▶ **GOAL OF THE EXERCISE**: An exact transcription of every record is needed.

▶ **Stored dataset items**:
◆ ◆ ◆ ◆

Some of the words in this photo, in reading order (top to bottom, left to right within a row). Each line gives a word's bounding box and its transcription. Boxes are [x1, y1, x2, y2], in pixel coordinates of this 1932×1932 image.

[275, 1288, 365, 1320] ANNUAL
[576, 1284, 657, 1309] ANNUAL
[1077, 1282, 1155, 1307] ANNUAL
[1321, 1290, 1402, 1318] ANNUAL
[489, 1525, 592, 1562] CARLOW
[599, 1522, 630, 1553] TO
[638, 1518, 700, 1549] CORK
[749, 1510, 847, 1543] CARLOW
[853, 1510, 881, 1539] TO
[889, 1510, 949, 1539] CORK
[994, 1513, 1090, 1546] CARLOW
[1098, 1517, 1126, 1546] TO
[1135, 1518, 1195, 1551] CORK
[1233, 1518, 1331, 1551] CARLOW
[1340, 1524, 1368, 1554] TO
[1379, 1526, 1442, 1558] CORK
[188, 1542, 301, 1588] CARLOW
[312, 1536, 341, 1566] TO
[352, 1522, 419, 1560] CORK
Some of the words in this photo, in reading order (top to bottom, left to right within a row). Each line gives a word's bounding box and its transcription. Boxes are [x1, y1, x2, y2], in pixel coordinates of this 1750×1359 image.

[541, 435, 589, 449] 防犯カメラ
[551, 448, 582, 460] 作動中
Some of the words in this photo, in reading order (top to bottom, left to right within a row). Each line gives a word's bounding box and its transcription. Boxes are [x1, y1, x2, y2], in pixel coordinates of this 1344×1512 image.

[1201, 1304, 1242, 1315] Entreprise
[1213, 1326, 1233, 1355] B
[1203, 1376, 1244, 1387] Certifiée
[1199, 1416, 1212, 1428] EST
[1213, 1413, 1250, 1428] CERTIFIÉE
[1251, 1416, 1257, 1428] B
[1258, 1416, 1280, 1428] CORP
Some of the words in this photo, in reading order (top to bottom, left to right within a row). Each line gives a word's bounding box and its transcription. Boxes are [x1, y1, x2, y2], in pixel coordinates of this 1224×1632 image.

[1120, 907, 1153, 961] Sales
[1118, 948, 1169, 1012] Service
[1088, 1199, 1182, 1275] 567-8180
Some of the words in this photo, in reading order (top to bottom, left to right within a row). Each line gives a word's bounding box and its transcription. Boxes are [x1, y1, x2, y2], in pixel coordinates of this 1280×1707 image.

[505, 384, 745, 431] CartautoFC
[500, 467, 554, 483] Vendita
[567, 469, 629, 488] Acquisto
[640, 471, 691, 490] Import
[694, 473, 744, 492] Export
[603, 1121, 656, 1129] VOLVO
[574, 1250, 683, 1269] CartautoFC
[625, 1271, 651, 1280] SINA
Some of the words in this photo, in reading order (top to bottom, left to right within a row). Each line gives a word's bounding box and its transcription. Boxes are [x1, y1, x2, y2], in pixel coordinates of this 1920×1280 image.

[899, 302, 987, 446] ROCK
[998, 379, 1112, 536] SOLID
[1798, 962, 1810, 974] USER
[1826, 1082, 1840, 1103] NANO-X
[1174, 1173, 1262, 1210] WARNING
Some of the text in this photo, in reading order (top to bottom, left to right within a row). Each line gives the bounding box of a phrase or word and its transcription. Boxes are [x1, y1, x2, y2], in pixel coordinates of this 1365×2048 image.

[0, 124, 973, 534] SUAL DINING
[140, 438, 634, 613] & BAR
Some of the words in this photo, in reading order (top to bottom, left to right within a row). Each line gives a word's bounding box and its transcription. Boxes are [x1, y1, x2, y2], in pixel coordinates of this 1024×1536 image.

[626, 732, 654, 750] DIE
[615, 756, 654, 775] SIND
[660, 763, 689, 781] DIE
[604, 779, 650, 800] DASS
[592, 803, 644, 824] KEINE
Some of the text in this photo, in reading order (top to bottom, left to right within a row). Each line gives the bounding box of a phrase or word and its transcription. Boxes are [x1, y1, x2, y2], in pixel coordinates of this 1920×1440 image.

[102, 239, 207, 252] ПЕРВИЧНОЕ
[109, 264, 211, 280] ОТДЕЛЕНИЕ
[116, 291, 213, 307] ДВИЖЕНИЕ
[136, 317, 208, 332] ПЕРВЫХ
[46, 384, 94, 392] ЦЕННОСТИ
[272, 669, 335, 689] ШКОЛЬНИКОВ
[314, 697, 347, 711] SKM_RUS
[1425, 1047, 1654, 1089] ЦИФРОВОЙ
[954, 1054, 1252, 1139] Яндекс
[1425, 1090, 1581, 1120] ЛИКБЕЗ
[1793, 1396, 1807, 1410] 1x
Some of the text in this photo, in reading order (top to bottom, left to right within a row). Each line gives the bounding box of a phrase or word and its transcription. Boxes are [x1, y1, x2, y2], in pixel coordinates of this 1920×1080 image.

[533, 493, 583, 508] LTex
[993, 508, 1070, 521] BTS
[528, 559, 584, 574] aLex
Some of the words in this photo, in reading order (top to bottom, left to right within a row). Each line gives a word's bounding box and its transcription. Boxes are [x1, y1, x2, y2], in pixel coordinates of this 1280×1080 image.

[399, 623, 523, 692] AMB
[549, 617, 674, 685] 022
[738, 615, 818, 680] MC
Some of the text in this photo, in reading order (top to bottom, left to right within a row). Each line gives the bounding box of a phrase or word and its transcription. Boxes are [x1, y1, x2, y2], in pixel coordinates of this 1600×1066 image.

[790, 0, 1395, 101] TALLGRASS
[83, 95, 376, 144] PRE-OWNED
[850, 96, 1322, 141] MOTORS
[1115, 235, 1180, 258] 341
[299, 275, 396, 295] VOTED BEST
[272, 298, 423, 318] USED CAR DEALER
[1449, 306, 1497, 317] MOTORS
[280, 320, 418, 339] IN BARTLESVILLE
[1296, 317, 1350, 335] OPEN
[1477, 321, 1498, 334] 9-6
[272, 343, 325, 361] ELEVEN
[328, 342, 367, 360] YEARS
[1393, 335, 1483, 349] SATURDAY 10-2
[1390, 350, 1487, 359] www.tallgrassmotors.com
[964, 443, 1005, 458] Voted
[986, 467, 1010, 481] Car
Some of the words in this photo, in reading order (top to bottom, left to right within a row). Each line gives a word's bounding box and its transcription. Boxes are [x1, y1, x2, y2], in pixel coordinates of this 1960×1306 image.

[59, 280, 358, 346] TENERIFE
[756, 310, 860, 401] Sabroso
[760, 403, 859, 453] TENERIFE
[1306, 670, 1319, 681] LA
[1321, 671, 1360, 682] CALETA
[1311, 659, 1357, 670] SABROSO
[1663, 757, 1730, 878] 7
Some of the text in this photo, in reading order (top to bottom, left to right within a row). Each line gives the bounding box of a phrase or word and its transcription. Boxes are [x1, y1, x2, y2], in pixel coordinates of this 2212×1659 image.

◆ ◆ ◆ ◆

▶ **RESPONSE BOX**:
Some of the words in this photo, in reading order (top to bottom, left to right within a row). Each line gives a word's bounding box and its transcription. Boxes are [x1, y1, x2, y2], in pixel coordinates of this 1932×1932 image.

[275, 1288, 365, 1320] ANNUAL
[576, 1284, 657, 1309] ANNUAL
[1077, 1282, 1155, 1307] ANNUAL
[1321, 1290, 1402, 1318] ANNUAL
[489, 1525, 592, 1562] CARLOW
[599, 1522, 630, 1553] TO
[638, 1518, 700, 1549] CORK
[749, 1510, 847, 1543] CARLOW
[853, 1510, 881, 1539] TO
[889, 1510, 949, 1539] CORK
[994, 1513, 1090, 1546] CARLOW
[1098, 1517, 1126, 1546] TO
[1135, 1518, 1195, 1551] CORK
[1233, 1518, 1331, 1551] CARLOW
[1340, 1524, 1368, 1554] TO
[1379, 1526, 1442, 1558] CORK
[188, 1542, 301, 1588] CARLOW
[312, 1536, 341, 1566] TO
[352, 1522, 419, 1560] CORK
Some of the words in this photo, in reading order (top to bottom, left to right within a row). Each line gives a word's bounding box and its transcription. Boxes are [x1, y1, x2, y2], in pixel coordinates of this 1750×1359 image.

[541, 435, 589, 449] 防犯カメラ
[551, 448, 582, 460] 作動中
Some of the words in this photo, in reading order (top to bottom, left to right within a row). Each line gives a word's bounding box and its transcription. Boxes are [x1, y1, x2, y2], in pixel coordinates of this 1344×1512 image.

[1201, 1304, 1242, 1315] Entreprise
[1213, 1326, 1233, 1355] B
[1203, 1376, 1244, 1387] Certifiée
[1199, 1416, 1212, 1428] EST
[1213, 1413, 1250, 1428] CERTIFIÉE
[1251, 1416, 1257, 1428] B
[1258, 1416, 1280, 1428] CORP
Some of the words in this photo, in reading order (top to bottom, left to right within a row). Each line gives a word's bounding box and its transcription. Boxes are [x1, y1, x2, y2], in pixel coordinates of this 1224×1632 image.

[1120, 907, 1153, 961] Sales
[1118, 948, 1169, 1012] Service
[1088, 1199, 1182, 1275] 567-8180
Some of the words in this photo, in reading order (top to bottom, left to right within a row). Each line gives a word's bounding box and its transcription. Boxes are [x1, y1, x2, y2], in pixel coordinates of this 1280×1707 image.

[505, 384, 745, 431] CartautoFC
[500, 467, 554, 483] Vendita
[567, 469, 629, 488] Acquisto
[640, 471, 691, 490] Import
[694, 473, 744, 492] Export
[603, 1121, 656, 1129] VOLVO
[574, 1250, 683, 1269] CartautoFC
[625, 1271, 651, 1280] SINA
Some of the words in this photo, in reading order (top to bottom, left to right within a row). Each line gives a word's bounding box and its transcription. Boxes are [x1, y1, x2, y2], in pixel coordinates of this 1920×1280 image.

[899, 302, 987, 446] ROCK
[998, 379, 1112, 536] SOLID
[1798, 962, 1810, 974] USER
[1826, 1082, 1840, 1103] NANO-X
[1174, 1173, 1262, 1210] WARNING
Some of the text in this photo, in reading order (top to bottom, left to right within a row). Each line gives the bounding box of a phrase or word and its transcription. Boxes are [x1, y1, x2, y2], in pixel coordinates of this 1365×2048 image.

[0, 124, 973, 534] SUAL DINING
[140, 438, 634, 613] & BAR
Some of the words in this photo, in reading order (top to bottom, left to right within a row). Each line gives a word's bounding box and its transcription. Boxes are [x1, y1, x2, y2], in pixel coordinates of this 1024×1536 image.

[626, 732, 654, 750] DIE
[615, 756, 654, 775] SIND
[660, 763, 689, 781] DIE
[604, 779, 650, 800] DASS
[592, 803, 644, 824] KEINE
Some of the text in this photo, in reading order (top to bottom, left to right within a row). Each line gives the bounding box of a phrase or word and its transcription. Boxes are [x1, y1, x2, y2], in pixel coordinates of this 1920×1440 image.

[102, 239, 207, 252] ПЕРВИЧНОЕ
[109, 264, 211, 280] ОТДЕЛЕНИЕ
[116, 291, 213, 307] ДВИЖЕНИЕ
[136, 317, 208, 332] ПЕРВЫХ
[46, 384, 94, 392] ЦЕННОСТИ
[272, 669, 335, 689] ШКОЛЬНИКОВ
[314, 697, 347, 711] SKM_RUS
[1425, 1047, 1654, 1089] ЦИФРОВОЙ
[954, 1054, 1252, 1139] Яндекс
[1425, 1090, 1581, 1120] ЛИКБЕЗ
[1793, 1396, 1807, 1410] 1x
Some of the text in this photo, in reading order (top to bottom, left to right within a row). Each line gives the bounding box of a phrase or word and its transcription. Boxes are [x1, y1, x2, y2], in pixel coordinates of this 1920×1080 image.

[533, 493, 583, 508] LTex
[993, 508, 1070, 521] BTS
[528, 559, 584, 574] aLex
Some of the words in this photo, in reading order (top to bottom, left to right within a row). Each line gives a word's bounding box and its transcription. Boxes are [x1, y1, x2, y2], in pixel coordinates of this 1280×1080 image.

[399, 623, 523, 692] AMB
[549, 617, 674, 685] 022
[738, 615, 818, 680] MC
Some of the text in this photo, in reading order (top to bottom, left to right within a row). Each line gives the bounding box of a phrase or word and its transcription. Boxes are [x1, y1, x2, y2], in pixel coordinates of this 1600×1066 image.

[790, 0, 1395, 101] TALLGRASS
[83, 95, 376, 144] PRE-OWNED
[850, 96, 1322, 141] MOTORS
[1115, 235, 1180, 258] 341
[299, 275, 396, 295] VOTED BEST
[272, 298, 423, 318] USED CAR DEALER
[1449, 306, 1497, 317] MOTORS
[280, 320, 418, 339] IN BARTLESVILLE
[1296, 317, 1350, 335] OPEN
[1477, 321, 1498, 334] 9-6
[272, 343, 325, 361] ELEVEN
[328, 342, 367, 360] YEARS
[1393, 335, 1483, 349] SATURDAY 10-2
[1390, 350, 1487, 359] www.tallgrassmotors.com
[964, 443, 1005, 458] Voted
[986, 467, 1010, 481] Car
Some of the words in this photo, in reading order (top to bottom, left to right within a row). Each line gives a word's bounding box and its transcription. Boxes are [x1, y1, x2, y2], in pixel coordinates of this 1960×1306 image.

[59, 280, 358, 346] TENERIFE
[756, 310, 860, 401] Sabroso
[760, 403, 859, 453] TENERIFE
[1306, 670, 1319, 681] LA
[1321, 671, 1360, 682] CALETA
[1311, 659, 1357, 670] SABROSO
[1663, 757, 1730, 878] 7
Some of the text in this photo, in reading order (top to bottom, left to right within a row). Each line gives the bounding box of a phrase or word and its transcription. Boxes are [x1, y1, x2, y2], in pixel coordinates of this 2212×1659 image.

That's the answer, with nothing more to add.